Having said that, javascript is pretty ubiquitous now and it only seems to be
growing. I wonder what the odds are of it being replaced, given how slow the
specifications evolve. Is there any reason to think it won't be here to stay
for a long time?

------
scotty79
It pays to present yourself as a JavaScript developer to a company that's
looking for a javascript developer. You should hardly mention any other
technology you are proficient with. Once I got rejected from javascript
developer recruitmetn process mostly for reminiscing fondly about my
expeirience with C#

------
BigBalli
I see your point, I do the same for myself, but it cannot be applied to
everyone. Actually, for most developers, this isn't actionable advice. Many
brands post jobs looking for specific players to join their team.
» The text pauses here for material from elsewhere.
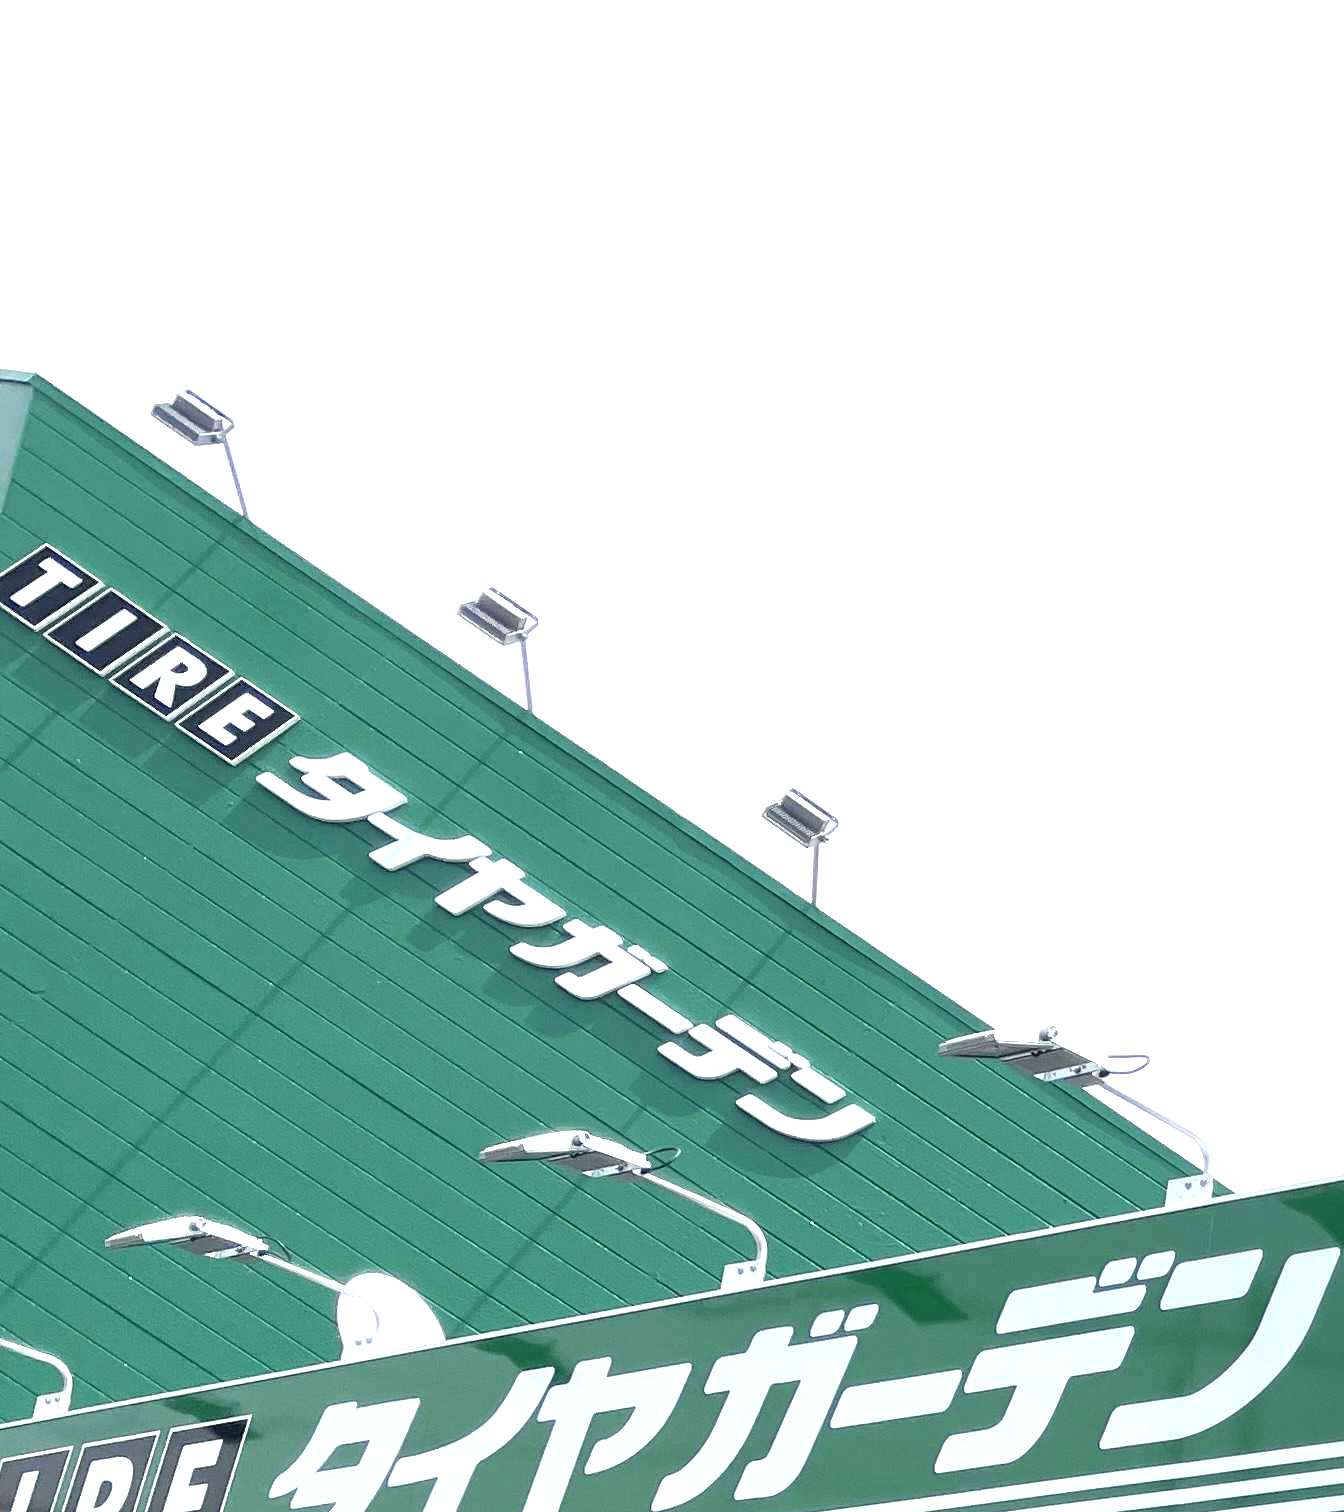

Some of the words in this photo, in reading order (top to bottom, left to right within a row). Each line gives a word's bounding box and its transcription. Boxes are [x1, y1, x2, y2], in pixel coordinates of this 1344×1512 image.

Someone who
can whip up some ruby or node.js easily (but not solidly) will be useless.

------
r0ash
I believe there is a difference between tagging & thinking yourself to
particular technology.

I agree that being programmer we should not _think_ that we are .Net or PHP or
Javascript or XYZ Programmer, rather we should have confidence in our
developerness with "loose coupling".

Being interviewer I would personally judge if the person is master in
particular technology, if he/she is I would conclude that, he/she could code
anything using any technology and it has been proven in my case.

------
anotherfadjs
Too bad college graduates are leaving college like indoctrinated
Haskell/Scala/Python drones. No one wonder China and India are leaving us far
behind in terms of technology. Western colleges have been infected by
teachers/professors with a programming language as religion.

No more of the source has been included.